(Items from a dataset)
━━━━━━━━━━━━━━━━━━━━━━━━━━━━━━

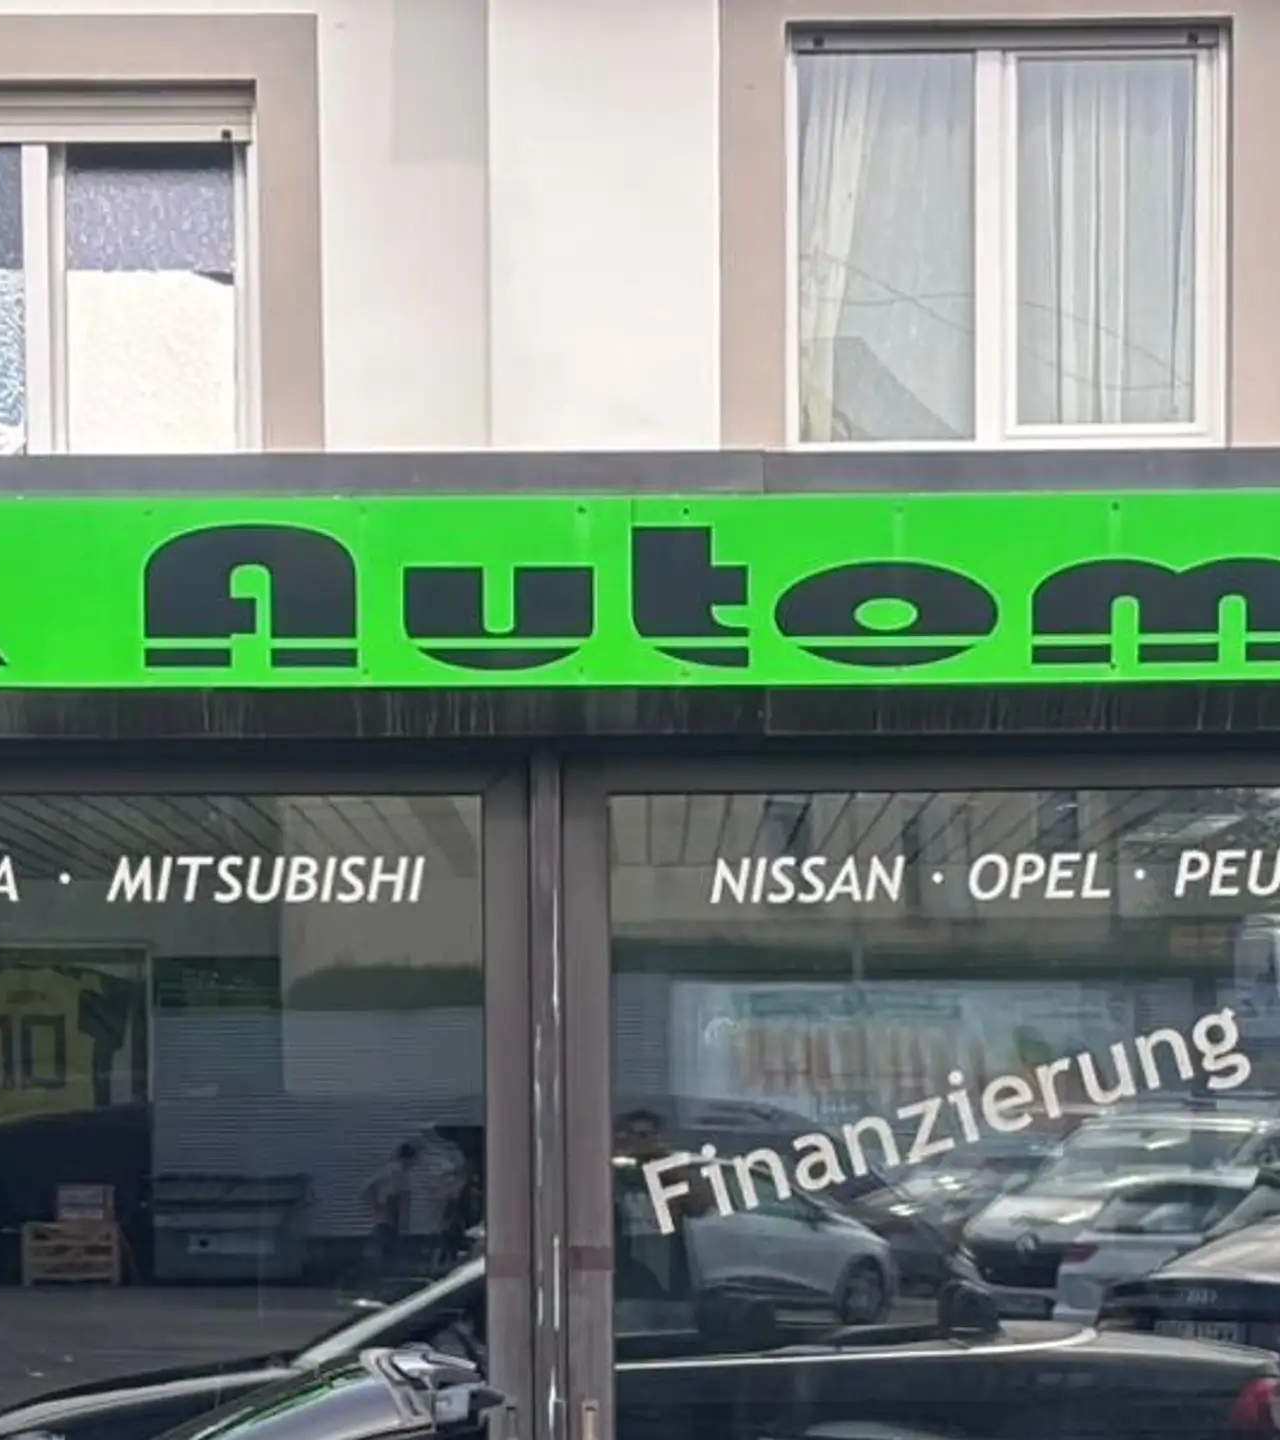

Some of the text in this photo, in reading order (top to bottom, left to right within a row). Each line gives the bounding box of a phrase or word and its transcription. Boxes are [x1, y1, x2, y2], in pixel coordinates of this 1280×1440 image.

[106, 854, 427, 904] MITSUBISHI
[709, 853, 907, 905] NISSAN
[967, 850, 1112, 902] OPEL
[641, 1006, 1253, 1235] Finanzierung

━━━━━━━━━━━━━━━━━━━━━━━━━━━━━━

Type the lines above out again exactly as they appear, skipping every picture.

Some of the text in this photo, in reading order (top to bottom, left to right within a row). Each line gives the bounding box of a phrase or word and its transcription. Boxes are [x1, y1, x2, y2], in pixel coordinates of this 1280×1440 image.

[106, 854, 427, 904] MITSUBISHI
[709, 853, 907, 905] NISSAN
[967, 850, 1112, 902] OPEL
[641, 1006, 1253, 1235] Finanzierung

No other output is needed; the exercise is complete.